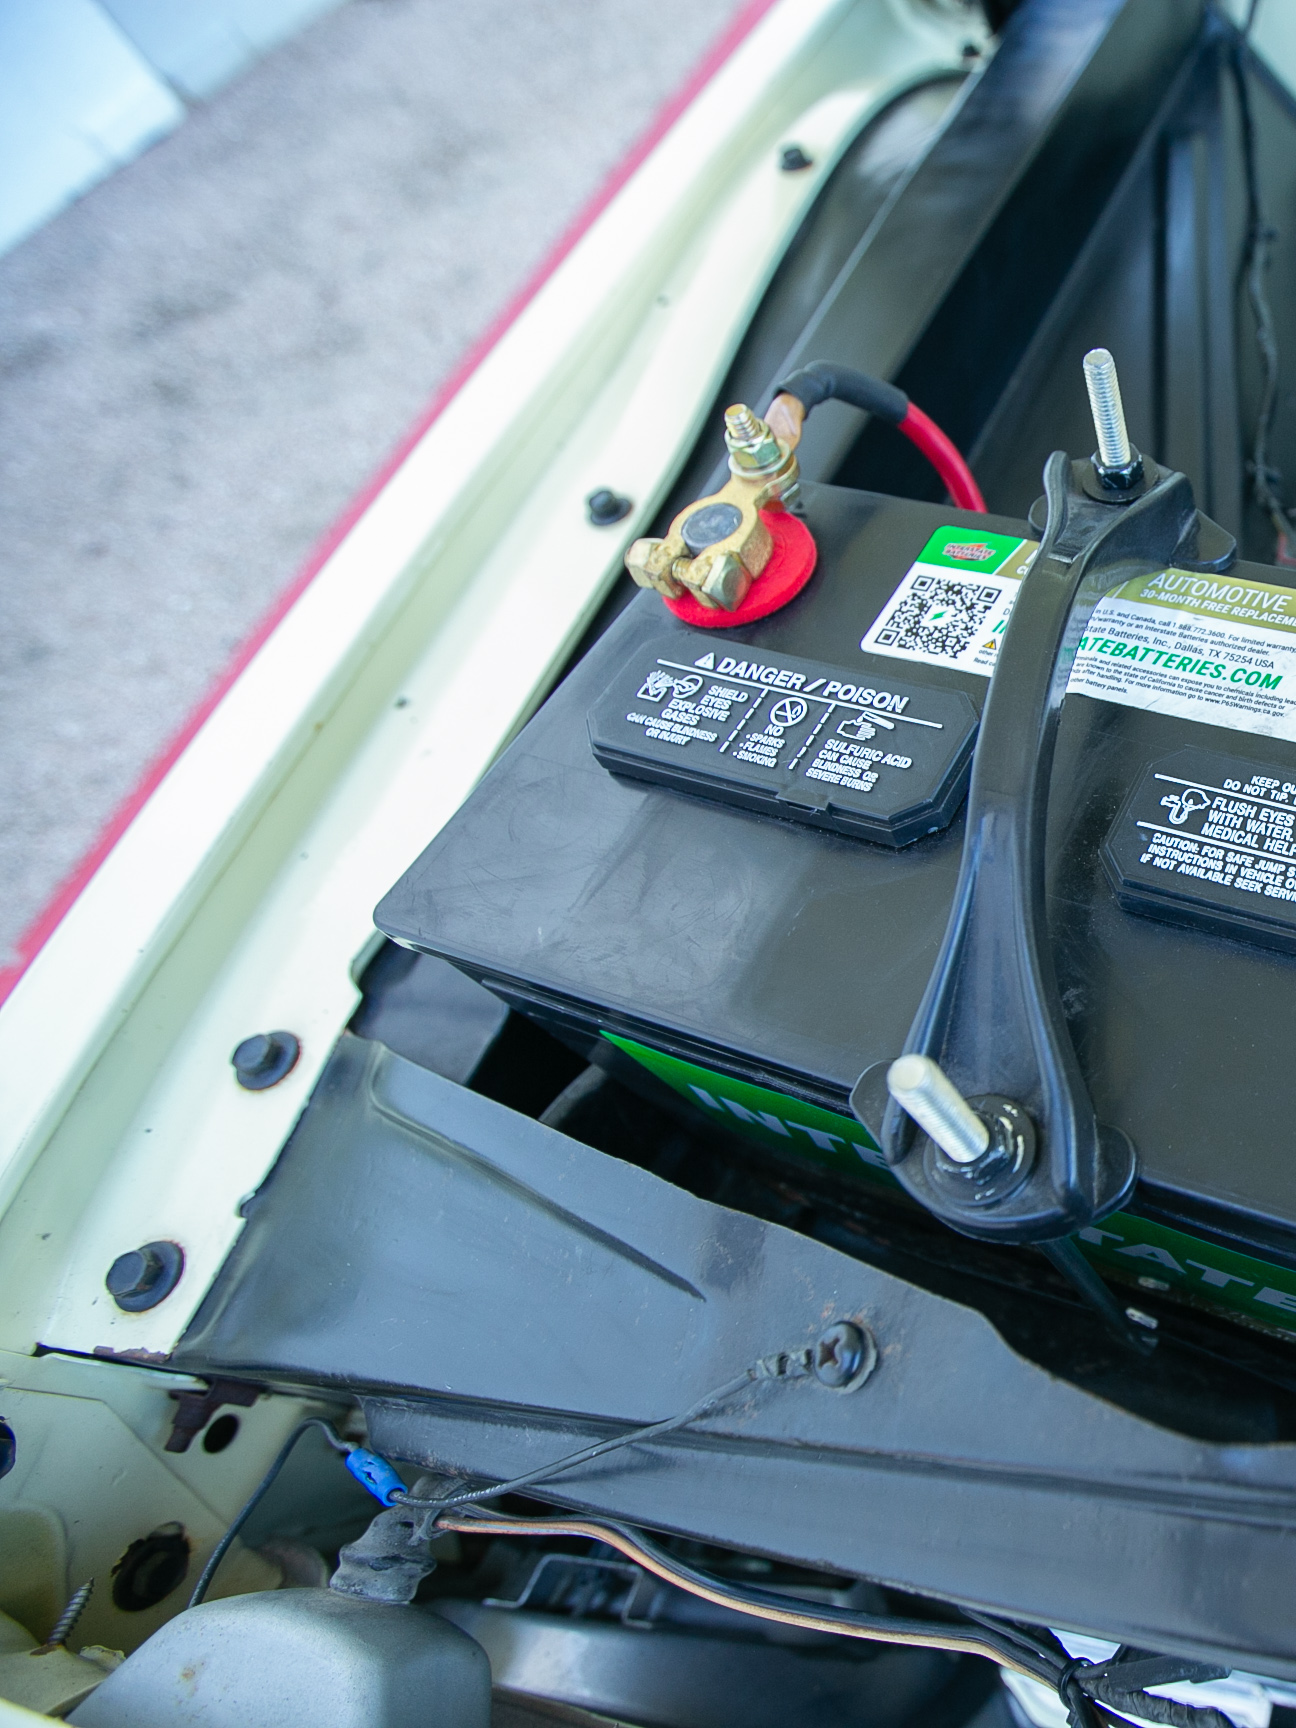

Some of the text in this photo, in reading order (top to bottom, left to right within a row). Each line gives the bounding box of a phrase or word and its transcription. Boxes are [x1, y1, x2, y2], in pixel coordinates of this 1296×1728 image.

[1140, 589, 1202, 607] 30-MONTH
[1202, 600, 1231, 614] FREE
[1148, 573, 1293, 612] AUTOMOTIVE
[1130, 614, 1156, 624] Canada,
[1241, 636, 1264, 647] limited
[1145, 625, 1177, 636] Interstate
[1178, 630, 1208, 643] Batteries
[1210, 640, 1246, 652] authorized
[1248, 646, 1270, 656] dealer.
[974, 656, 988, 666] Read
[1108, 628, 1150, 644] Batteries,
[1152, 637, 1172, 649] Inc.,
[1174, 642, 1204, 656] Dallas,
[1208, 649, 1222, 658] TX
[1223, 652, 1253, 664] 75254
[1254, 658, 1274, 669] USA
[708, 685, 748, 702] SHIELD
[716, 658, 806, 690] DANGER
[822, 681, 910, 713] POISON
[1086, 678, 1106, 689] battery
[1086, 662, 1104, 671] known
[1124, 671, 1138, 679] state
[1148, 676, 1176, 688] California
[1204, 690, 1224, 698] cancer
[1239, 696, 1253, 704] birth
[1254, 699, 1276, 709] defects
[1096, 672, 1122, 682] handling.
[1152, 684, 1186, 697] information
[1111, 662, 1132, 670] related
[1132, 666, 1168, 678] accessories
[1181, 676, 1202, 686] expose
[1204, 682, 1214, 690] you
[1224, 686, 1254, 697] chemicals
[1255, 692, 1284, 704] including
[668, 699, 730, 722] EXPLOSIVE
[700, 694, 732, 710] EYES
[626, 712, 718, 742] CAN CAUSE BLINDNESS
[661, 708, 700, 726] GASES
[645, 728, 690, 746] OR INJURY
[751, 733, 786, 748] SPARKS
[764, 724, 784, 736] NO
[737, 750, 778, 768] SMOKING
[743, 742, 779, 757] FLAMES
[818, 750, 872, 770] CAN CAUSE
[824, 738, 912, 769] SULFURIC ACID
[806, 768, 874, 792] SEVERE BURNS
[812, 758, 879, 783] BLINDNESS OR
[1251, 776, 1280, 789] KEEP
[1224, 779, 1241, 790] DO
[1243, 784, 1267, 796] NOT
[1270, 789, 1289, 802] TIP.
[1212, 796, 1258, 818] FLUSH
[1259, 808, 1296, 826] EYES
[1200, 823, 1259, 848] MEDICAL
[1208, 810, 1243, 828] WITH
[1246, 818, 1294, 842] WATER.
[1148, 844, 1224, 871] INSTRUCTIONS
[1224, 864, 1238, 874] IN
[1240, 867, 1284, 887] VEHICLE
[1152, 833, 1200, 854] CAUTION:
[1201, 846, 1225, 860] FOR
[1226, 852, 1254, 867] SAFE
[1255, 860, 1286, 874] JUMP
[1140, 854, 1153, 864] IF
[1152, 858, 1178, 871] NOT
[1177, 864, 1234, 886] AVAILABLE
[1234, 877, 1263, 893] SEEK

= = = = = = =

YOUR INSTRUCTIONS - Look through the entries above. Extract each line with the word "Batteries".

FINISHED TASK -
[1178, 630, 1208, 643] Batteries
[1108, 628, 1150, 644] Batteries,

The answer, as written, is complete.